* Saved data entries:
------------------------------------------------------------------------

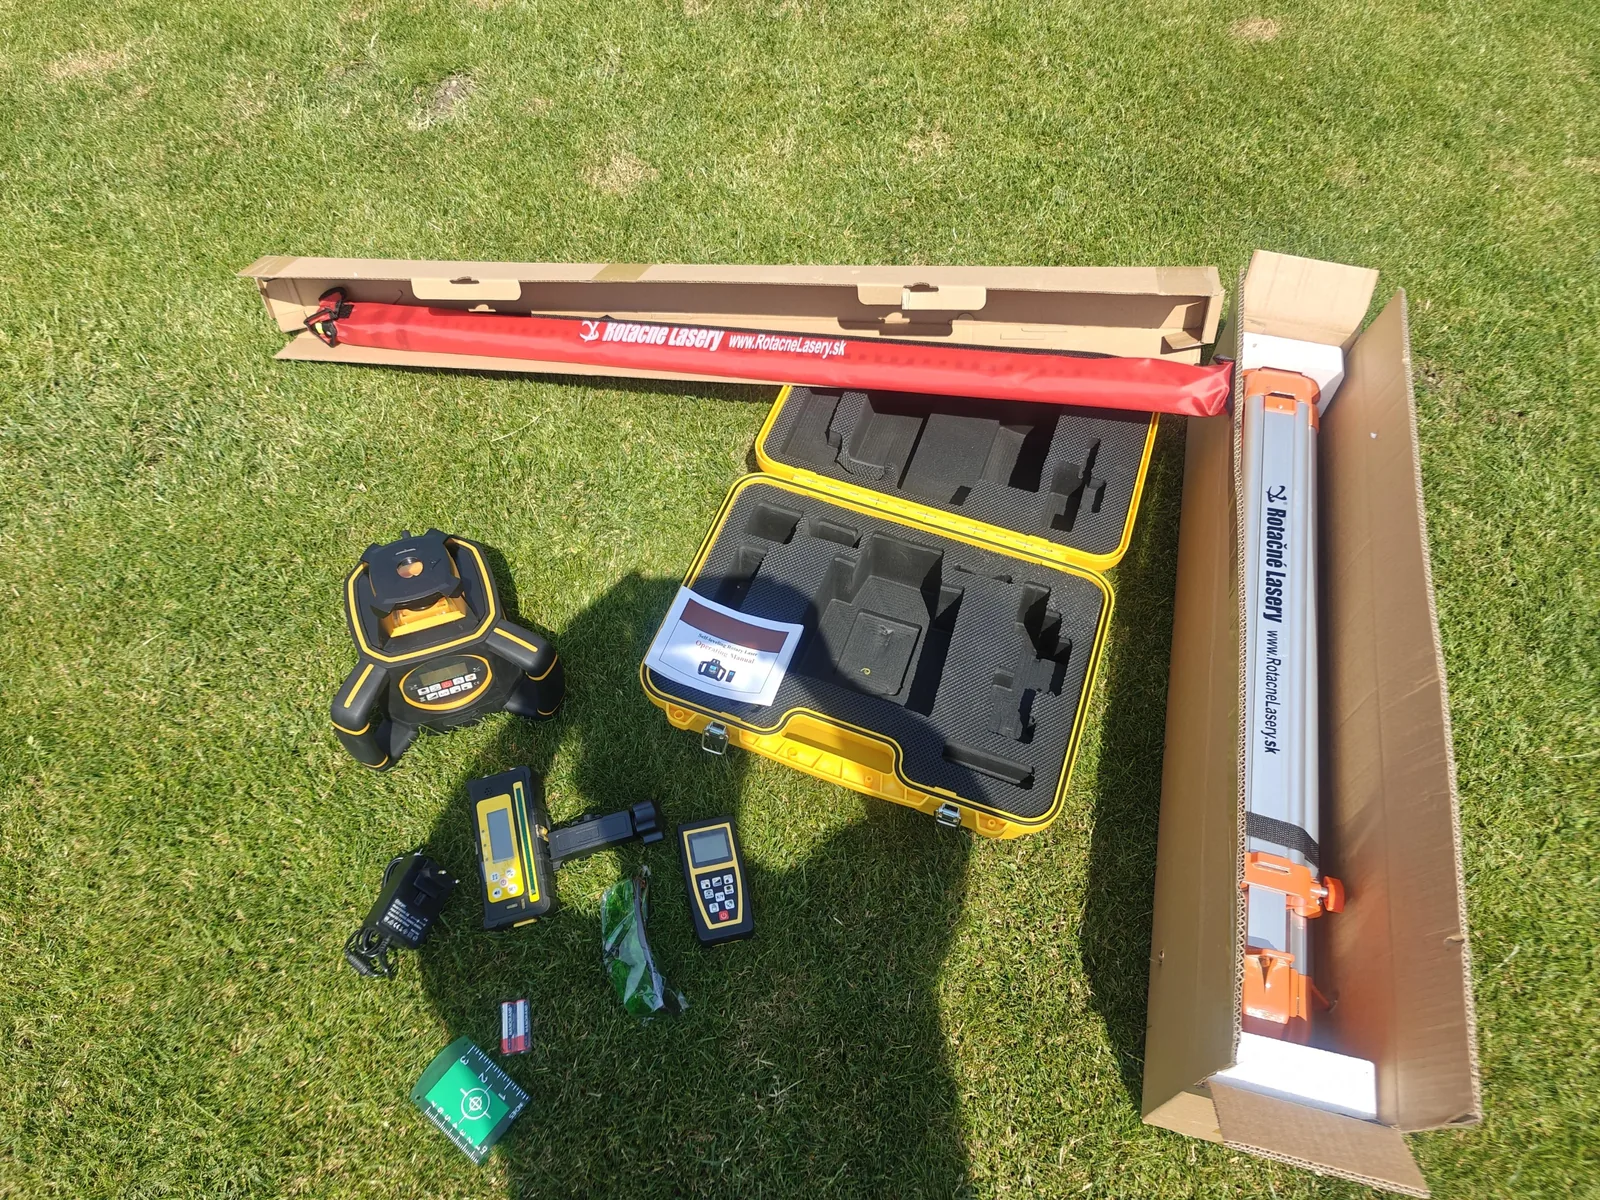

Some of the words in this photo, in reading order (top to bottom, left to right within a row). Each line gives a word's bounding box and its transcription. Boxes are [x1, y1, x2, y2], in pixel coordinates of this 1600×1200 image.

[668, 327, 725, 352] Lasery
[728, 333, 846, 359] www.RotacneLasery.sk
[1266, 507, 1288, 568] Rotačné
[1263, 570, 1286, 623] Lasery
[695, 639, 728, 658] Operating
[730, 653, 756, 664] Manual
[1260, 630, 1282, 754] www.RotacneLasery.sk
[478, 1072, 488, 1083] 2

------------------------------------------------------------------------

* ACTIVITY: The complete set of records should be written out again, pictures excluded.

* OUTPUT:
Some of the words in this photo, in reading order (top to bottom, left to right within a row). Each line gives a word's bounding box and its transcription. Boxes are [x1, y1, x2, y2], in pixel coordinates of this 1600×1200 image.

[668, 327, 725, 352] Lasery
[728, 333, 846, 359] www.RotacneLasery.sk
[1266, 507, 1288, 568] Rotačné
[1263, 570, 1286, 623] Lasery
[695, 639, 728, 658] Operating
[730, 653, 756, 664] Manual
[1260, 630, 1282, 754] www.RotacneLasery.sk
[478, 1072, 488, 1083] 2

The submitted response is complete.